YOUR TASK = When you come to the line with "this 1856×1856 image.", begin repeating; continue exactly through the final line of the records and include nothing from before.

== MATERIAL TO PROCESS ==

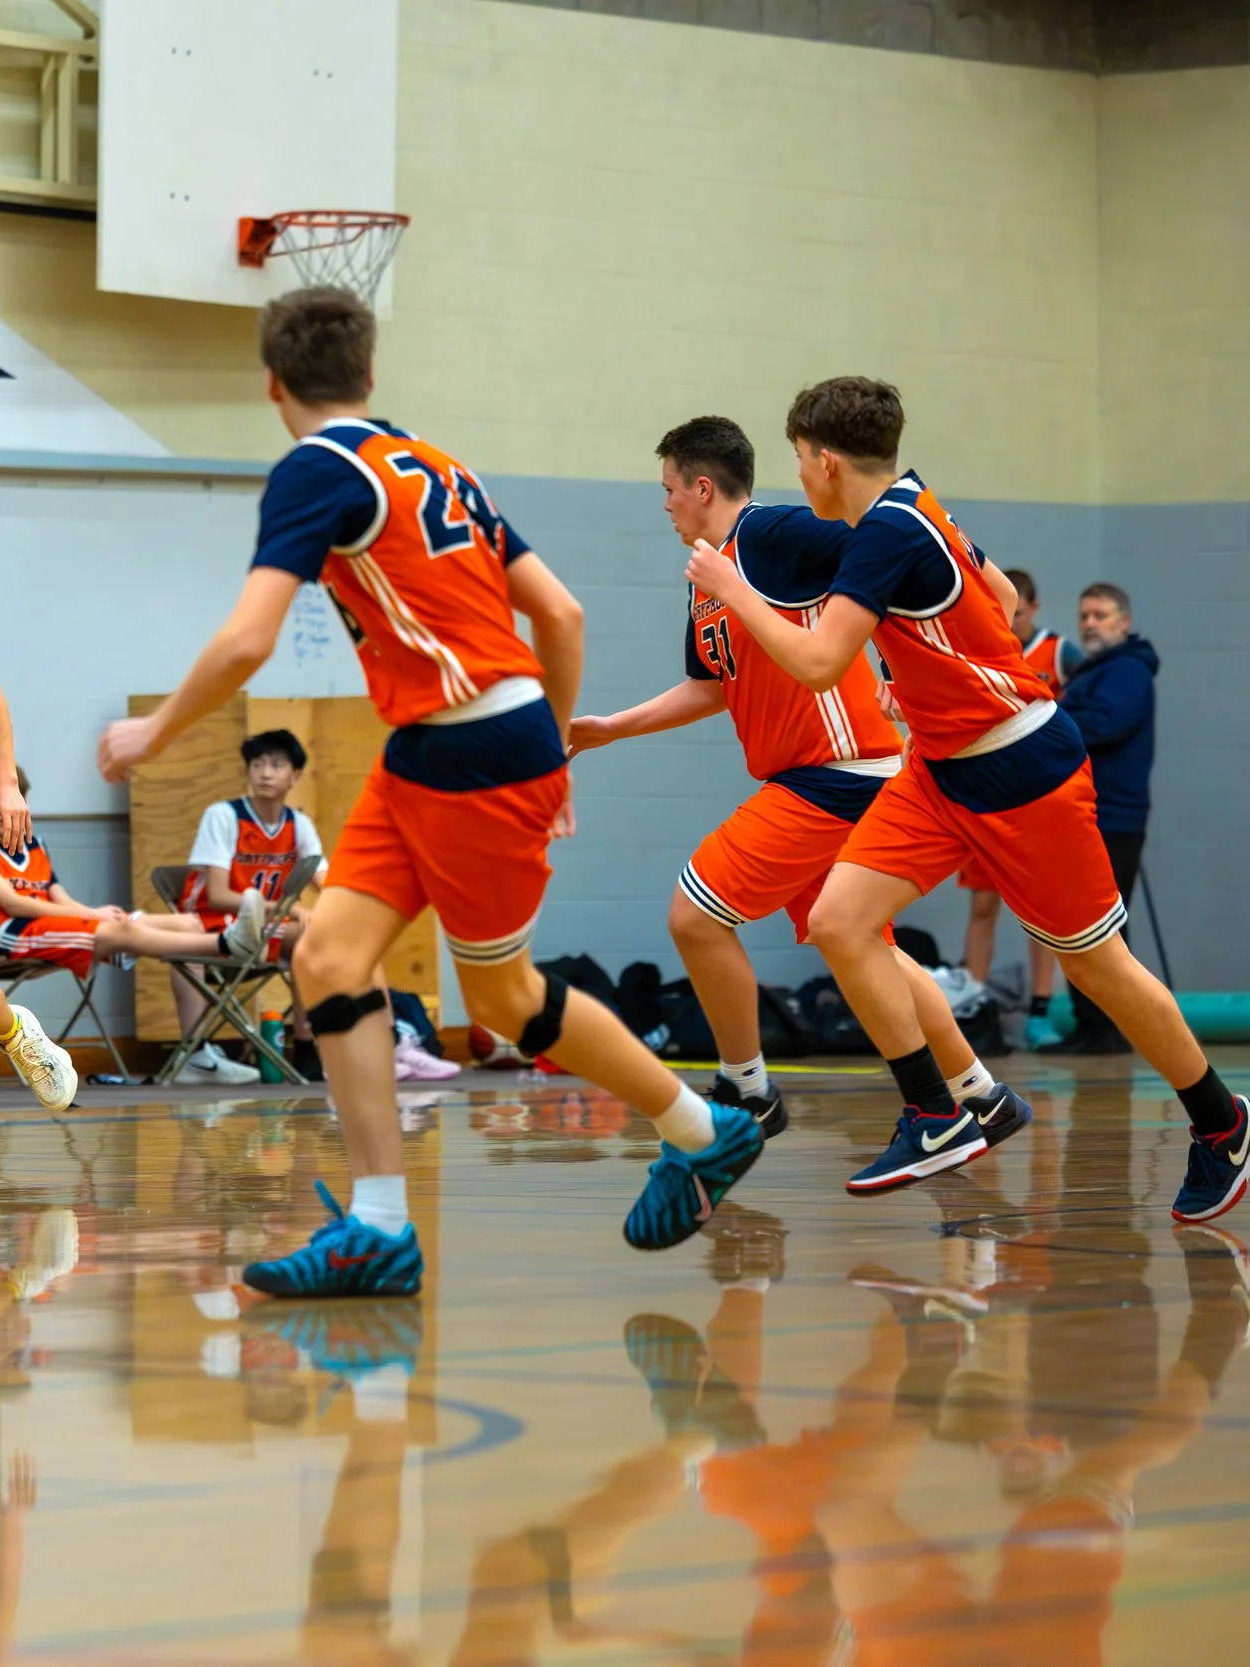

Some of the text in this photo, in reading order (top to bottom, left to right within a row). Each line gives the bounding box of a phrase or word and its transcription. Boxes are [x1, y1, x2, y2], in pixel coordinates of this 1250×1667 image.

[384, 449, 500, 560] 24
[701, 615, 737, 685] 31
[252, 869, 282, 900] 11
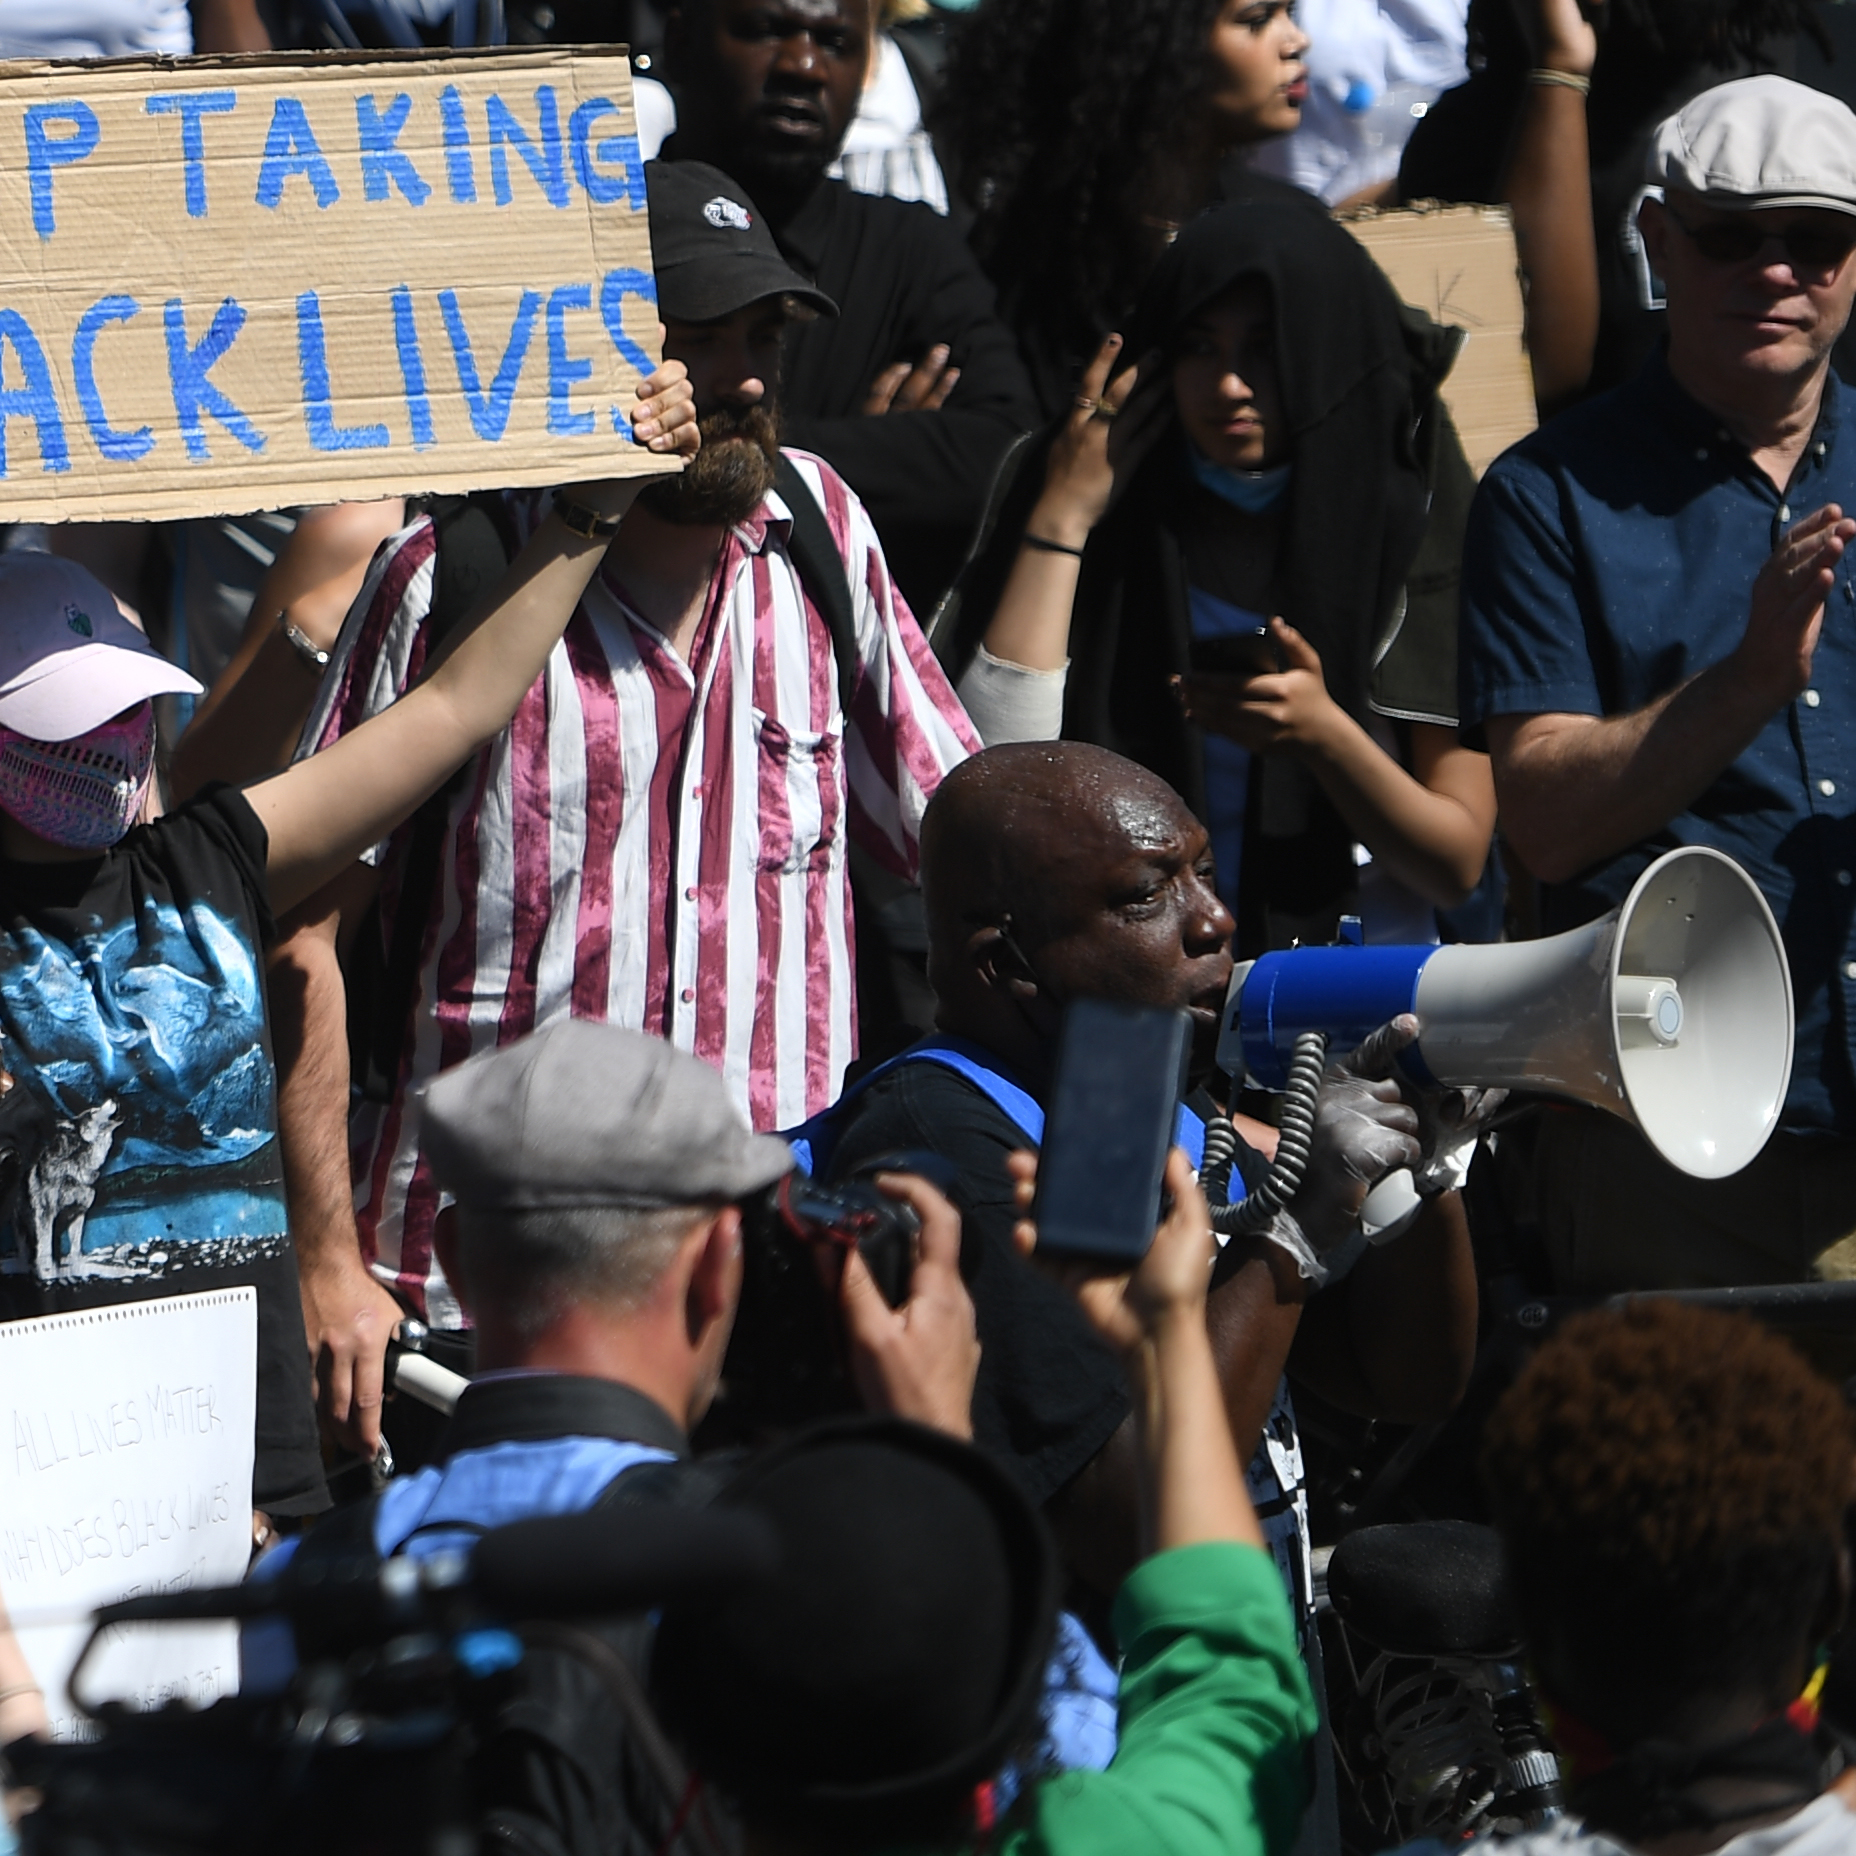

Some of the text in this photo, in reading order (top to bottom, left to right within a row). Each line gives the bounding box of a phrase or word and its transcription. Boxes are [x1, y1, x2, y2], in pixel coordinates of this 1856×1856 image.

[146, 83, 648, 219] TAKING
[297, 266, 662, 451] LIVES
[12, 1383, 224, 1476] ALL LIVES MATTER
[47, 1516, 113, 1577] DOES
[113, 1495, 182, 1558] BLACK
[187, 1481, 231, 1532] LIVES

===

ANSWER SECTION =
Some of the text in this photo, in reading order (top to bottom, left to right within a row). Each line gives the bounding box of a phrase or word and its transcription. Boxes are [x1, y1, x2, y2], in pixel coordinates of this 1856×1856 image.

[146, 83, 648, 219] TAKING
[297, 266, 662, 451] LIVES
[12, 1383, 224, 1476] ALL LIVES MATTER
[47, 1516, 113, 1577] DOES
[113, 1495, 182, 1558] BLACK
[187, 1481, 231, 1532] LIVES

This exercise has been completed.